Er konnte an nichts anderes denken, als daran, dass Sophie bestimmt wissen würde, was er tun sollte. Was natürlich noch idiotischer war.
Sophie war eine wohlerzogene junge Dame aus einem kleinen Landhaus. Sie war intelligent, wohl wahr, aber wissenschaftliche Übersetzungen könnten ihm jetzt nicht helfen.
Doch Sophie war die einzige Person in London, der er nicht egal war. Er wusste, dass sich das jetzt ändern würde. Wenn sein Titel verkündet wäre, würde er sich von einer wahren Flut aus »Freunden« überschwemmt sehen. Nicht so viele, als wenn er reich wäre, aber immer noch genug, um lästig zu sein.
Vorher wollte er einfach nur noch einen Tag lang nichts weiter sein als Lord Graham Cavendish, jüngerer Sohn, ein Mann des Charmes und Müßiggangs und ohne große Bedeutung. Während er die Stufen zur Haustür des gemieteten Hauses hinaufstieg, dachte er nicht daran, sich die Frage zu stellen, warum er diesen letzten Tag ausgerechnet mit Miss Sophie Blake verbringen wollte.

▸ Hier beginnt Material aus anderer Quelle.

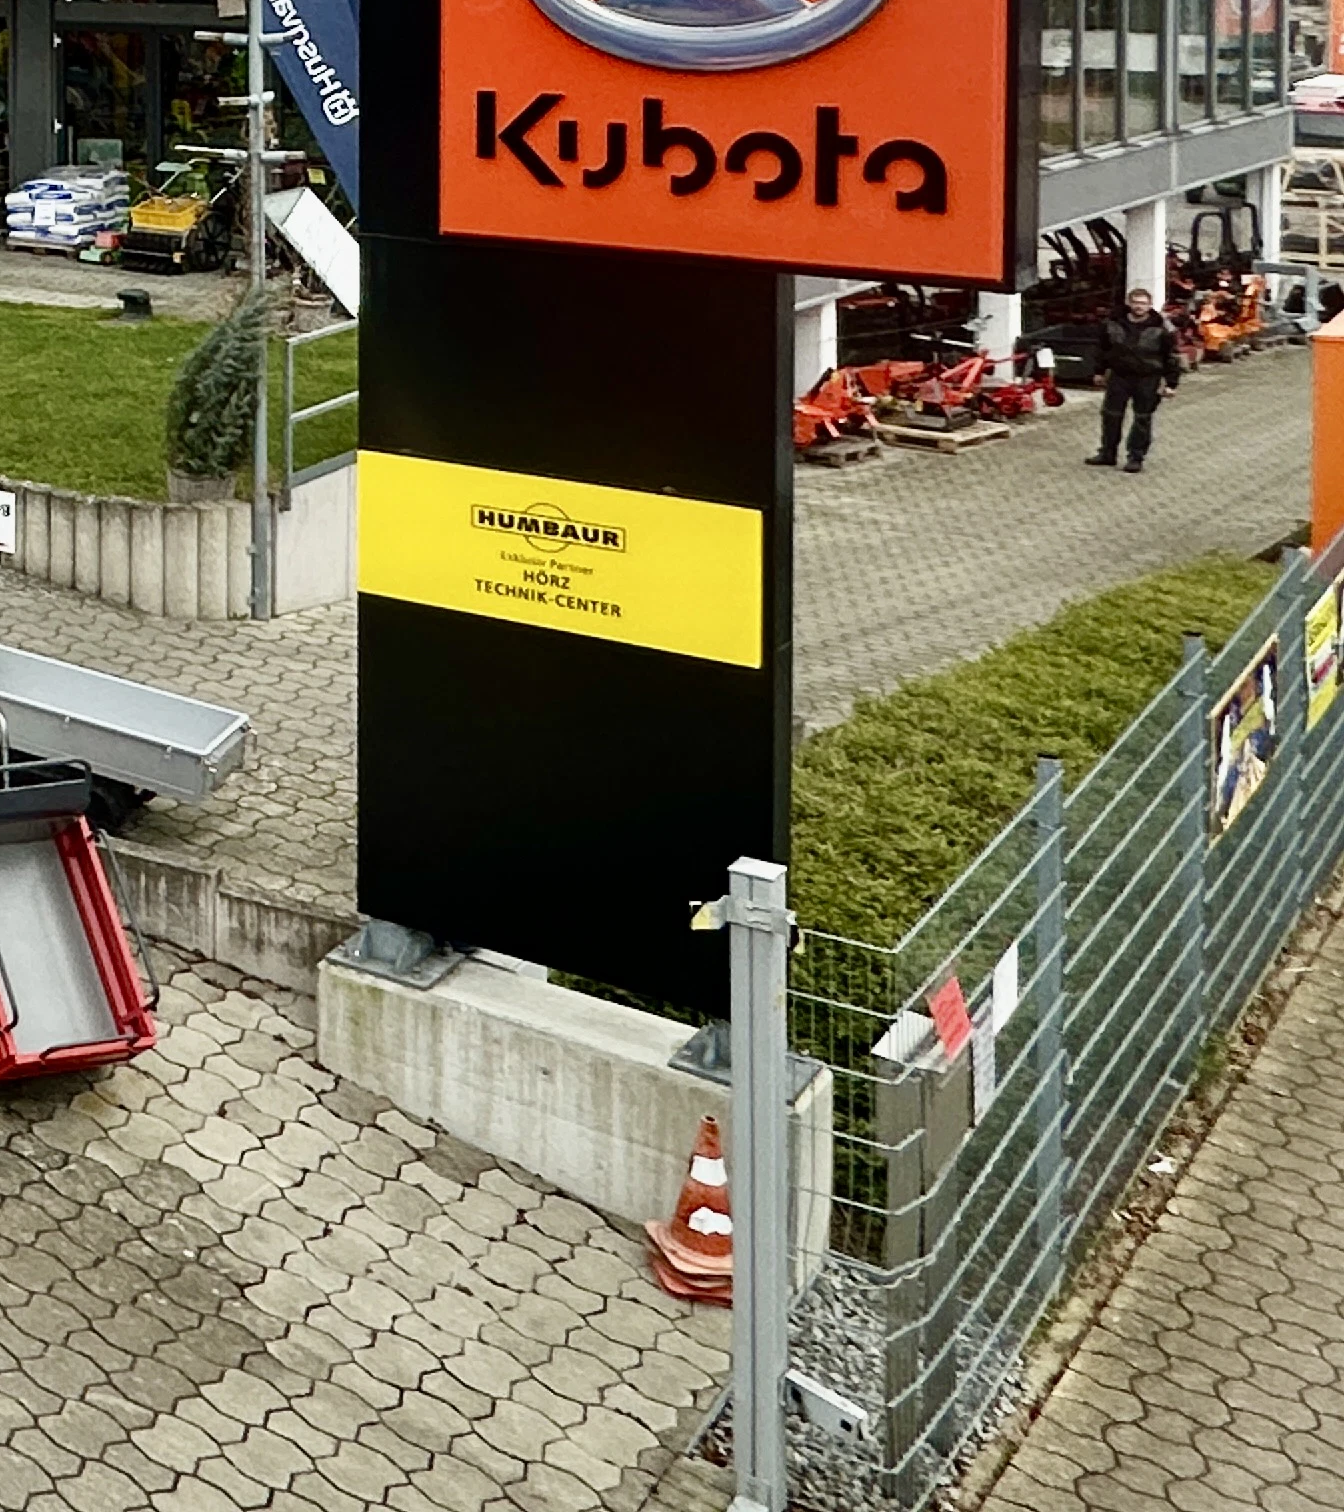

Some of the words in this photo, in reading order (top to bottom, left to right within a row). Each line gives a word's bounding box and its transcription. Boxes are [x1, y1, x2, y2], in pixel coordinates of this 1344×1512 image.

[476, 89, 948, 216] Kubota
[476, 508, 621, 549] HUMBAUR
[474, 578, 622, 619] TECHNIK-CENTER
[522, 569, 571, 591] HÖRZ

Graham betrat das Musikzimmer. »Sophie?«
Ihre Papiere lagen nach irgendeinem chaotischen System sortiert, das nur Sophie durchschaute, überall herum – wehe demjenigen, der auch nur ein einziges Blatt verschob.
Keine Sophie. Er wollte schon woanders nach ihr suchen, als er einen ihrer Slipper in der Nähe des Fenstersitzes entdeckte. Dann sah er bestrumpfte Zehen direkt neben dem Vorhang baumeln. Seine Mundwinkel zuckten müde. »Hab dich!«
Als er sich ihr näherte, bemerkte er, dass sie sich nicht vor ihm versteckte. Sie schlief, hatte die Schuhe ausgezogen und die von Papieren bedeckten Knie angezogen. Ihre Brille saß schief auf der Nase. Grahams grimmiges Lächeln wurde weich. Armes Ding. Sie arbeitete einfach zu hart an ihrer verfluchten Übersetzung, und Tessa machte ihr wahrscheinlich das Leben schwer, denn darauf verstand sie sich.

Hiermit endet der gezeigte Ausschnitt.